Medulloblastoma is the most common malignant brain tumor of childhood. In keeping with the greater emphasis on tumoral molecular status, the WHO classification initially recognized four principle molecular groups of this tumor including wingless type (WNT), sonic hedgehog (SHH), and groups 3 and 4 [74, 75]. The 2021 WHO update further divided SHH on the basis of TP53 status (wildtype vs mutant) due to vastly different clinicopathologic natures. Additionally, groups 3 and 4 are now designated under non-WNT/non-SHH medulloblastomas and multiple more granular subgroups were added (4 of SHH and 8 of non-WNT/non-SHH) [3].

Medulloblastoma clinical implications

WNT tumors typically have an excellent prognosis, SHH and group 4 have an intermediate prognosis and group 3 tumors have a relatively poor prognosis (> 90%, ~ 75% and 50–60% survival at 5 years, respectively) [76, 77]. Risk adapted treatment is based on clinical factors including metastatic disease at presentation and residual disease after surgical resection. Given these divergent prognoses, there is considerable capacity to under- or over-treat a subgroup if the molecular landscape is not accounted for.

In patients with a WNT tumor and no metastatic disease, a de-escalated regimen with reduced dose craniospinal radiation and/or chemotherapy can be considered [6]. Patients with SHH subgroup γ can be treated with chemotherapy only whereas those with SHH subgroup β may require intraventricular methotrexate in addition to chemotherapy [78]. Currently, the addition of gemcitabine, a nucleoside analog, and pemetrexed, a folate antimetabolite, are being evaluated in whether they confer an improved prognosis in group 3 and 4 medulloblastoma [79, 80].

Medulloblastoma imaging

The majority of medulloblastomas arise in the cerebellum. The epicenter of the tumor has been shown to be predictive of the molecular group. WNT tumors typically are centered at the cerebellar peduncle, adult SHH tumors within the cerebellar hemispheres and group 3/4 tumors at midline [74, 75, 81, 82]. Additionally, infants with a tumor that exhibits ill-defined margins and prominent enhancement is likely to be of the group 3 or SHH variety. In contrast, children with a tumor that exhibits well-defined margins, but trace to no enhancement is likely to be group 4. Medulloblastomas found in adulthood tend to be of the SHH variety [74].

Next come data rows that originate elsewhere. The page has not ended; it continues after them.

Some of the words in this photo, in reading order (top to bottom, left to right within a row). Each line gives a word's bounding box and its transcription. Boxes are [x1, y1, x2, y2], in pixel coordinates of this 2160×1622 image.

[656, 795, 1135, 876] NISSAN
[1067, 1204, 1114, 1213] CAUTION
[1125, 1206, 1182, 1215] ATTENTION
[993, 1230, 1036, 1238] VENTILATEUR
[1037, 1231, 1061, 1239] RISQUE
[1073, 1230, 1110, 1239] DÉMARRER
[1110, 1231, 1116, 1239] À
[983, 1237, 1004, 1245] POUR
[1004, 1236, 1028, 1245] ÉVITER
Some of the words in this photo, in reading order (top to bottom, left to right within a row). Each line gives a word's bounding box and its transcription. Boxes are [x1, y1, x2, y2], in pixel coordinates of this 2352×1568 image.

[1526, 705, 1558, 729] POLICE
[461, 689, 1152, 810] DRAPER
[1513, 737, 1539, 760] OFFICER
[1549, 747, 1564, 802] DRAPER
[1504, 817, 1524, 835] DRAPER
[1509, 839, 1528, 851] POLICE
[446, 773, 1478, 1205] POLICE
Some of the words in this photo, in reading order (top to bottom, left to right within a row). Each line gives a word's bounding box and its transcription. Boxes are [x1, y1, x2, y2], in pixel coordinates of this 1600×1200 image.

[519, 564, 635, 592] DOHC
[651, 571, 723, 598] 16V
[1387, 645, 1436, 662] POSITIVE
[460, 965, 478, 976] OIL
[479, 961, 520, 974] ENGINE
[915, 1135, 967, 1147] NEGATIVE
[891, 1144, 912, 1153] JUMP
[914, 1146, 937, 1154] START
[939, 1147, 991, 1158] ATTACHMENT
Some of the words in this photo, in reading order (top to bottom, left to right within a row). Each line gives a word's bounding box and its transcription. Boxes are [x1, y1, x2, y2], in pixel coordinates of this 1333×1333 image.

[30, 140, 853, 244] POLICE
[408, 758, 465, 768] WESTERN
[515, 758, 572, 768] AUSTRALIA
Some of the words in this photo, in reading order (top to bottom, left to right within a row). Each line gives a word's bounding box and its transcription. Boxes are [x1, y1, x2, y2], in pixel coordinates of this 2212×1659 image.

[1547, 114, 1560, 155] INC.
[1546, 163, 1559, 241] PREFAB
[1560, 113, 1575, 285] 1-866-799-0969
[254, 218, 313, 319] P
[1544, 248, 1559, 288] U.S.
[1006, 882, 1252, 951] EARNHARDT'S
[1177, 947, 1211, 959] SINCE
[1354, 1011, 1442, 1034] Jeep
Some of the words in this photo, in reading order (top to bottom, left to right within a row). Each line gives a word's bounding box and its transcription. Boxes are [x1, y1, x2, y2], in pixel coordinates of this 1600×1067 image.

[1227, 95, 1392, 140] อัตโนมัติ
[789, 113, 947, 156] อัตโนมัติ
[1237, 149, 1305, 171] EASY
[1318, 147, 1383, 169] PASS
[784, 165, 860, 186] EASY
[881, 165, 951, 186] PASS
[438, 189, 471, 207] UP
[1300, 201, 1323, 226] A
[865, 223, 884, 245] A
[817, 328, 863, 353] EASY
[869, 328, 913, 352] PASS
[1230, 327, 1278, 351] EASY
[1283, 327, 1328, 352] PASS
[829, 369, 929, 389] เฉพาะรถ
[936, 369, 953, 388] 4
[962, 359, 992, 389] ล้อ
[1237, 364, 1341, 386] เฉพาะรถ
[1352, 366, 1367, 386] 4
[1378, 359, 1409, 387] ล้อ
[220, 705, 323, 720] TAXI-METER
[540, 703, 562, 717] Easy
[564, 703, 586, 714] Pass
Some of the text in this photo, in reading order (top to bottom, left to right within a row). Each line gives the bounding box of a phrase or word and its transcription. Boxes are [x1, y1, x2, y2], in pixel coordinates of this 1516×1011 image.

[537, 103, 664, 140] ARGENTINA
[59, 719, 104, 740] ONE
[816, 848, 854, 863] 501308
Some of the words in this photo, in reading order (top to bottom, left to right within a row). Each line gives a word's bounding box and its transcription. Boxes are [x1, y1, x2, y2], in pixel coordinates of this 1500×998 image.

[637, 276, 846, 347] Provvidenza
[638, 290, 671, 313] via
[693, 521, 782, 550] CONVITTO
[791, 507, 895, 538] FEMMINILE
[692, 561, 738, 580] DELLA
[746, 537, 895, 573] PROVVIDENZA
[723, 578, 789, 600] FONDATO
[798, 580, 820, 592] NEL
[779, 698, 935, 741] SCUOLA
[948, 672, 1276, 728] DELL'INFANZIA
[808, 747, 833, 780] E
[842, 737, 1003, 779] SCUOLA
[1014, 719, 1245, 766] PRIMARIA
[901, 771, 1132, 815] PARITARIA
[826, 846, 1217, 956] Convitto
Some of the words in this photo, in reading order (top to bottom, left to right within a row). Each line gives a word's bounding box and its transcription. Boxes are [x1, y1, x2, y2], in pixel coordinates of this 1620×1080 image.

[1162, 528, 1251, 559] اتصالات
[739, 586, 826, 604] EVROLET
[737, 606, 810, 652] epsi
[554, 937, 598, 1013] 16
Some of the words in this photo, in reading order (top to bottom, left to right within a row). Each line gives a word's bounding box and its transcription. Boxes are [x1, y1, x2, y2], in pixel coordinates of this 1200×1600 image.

MR spectroscopy can help differentiate groups 3 and 4 as these show taurine peaks and high creatine. On the other hand, the SHH group shows low to no taurine or creatine levels [83, 84].

Within the past few years, there has been growing literature on utilizing radiomics and machine learning to predict these molecular groups. Dasgupta et al. have shown a model in which medulloblastoma groups could be accurately predicted in 74% cases, the most impressive of which was the SHH group at 95% [85]. This degree of accuracy has been corroborated on multiple additional analyses [86,87,88].

The pattern of tumor dissemination in metastatic medulloblastoma also demonstrates unique radiomic signatures [89]. Metastases of group 3 tumors have a laminar appearance, metastases of group 4 tumors are nodular, and suprasellar metastatic deposits are highly specific of group 4 tumors [90].

BRAF mutant tumors

Background

Oncogenesis in pediatric gliomas differs significantly from adult tumors. In children, most tumors of glial origin are low-grade. From a molecular perspective, virtually all of them carry mutations that affect the mitogen activated protein kinase (MAPK) pathway [91]. The canonical mutations that drive oncogenesis and carry prognostic significance in adult gliomas (e.g. IDH) are not involved in oncogenesis in low-grade tumors of childhood. These biologic differences are believed to drive the diverging clinical course of low-grade gliomas in children and adults [92].

BRAF is a protooncogene that is part of the MAPK pathway. It is a commonly implicated mutation in several pediatric brain tumors, particularly low-grade gliomas. The two principal alterations are BRAF fusion and the V600E mutant [93].

The chromosomal fusion alteration involves duplication and insertion of the BRAF oncogene into a fusion target, the most common of which is the K1AA1549 gene [93]. The BRAF-K1AA1549 fusion has been reported in up to 66% of pilocytic astrocytoma (PA) [94]. The evidence for specificity of BRAF status in PA remains controversial. Some reports suggest no cases of BRAF fusion in a range of low-grade gliomas, whereas other cohorts report the alteration in up to 15% of non-pilocytic low-grade gliomas [95]. BRAFV600 mutation has been implicated in high frequencies with pleomorphic xanthoastrocytoma (PXA), ganglioglioma (GG) and extracerebellar PA [96].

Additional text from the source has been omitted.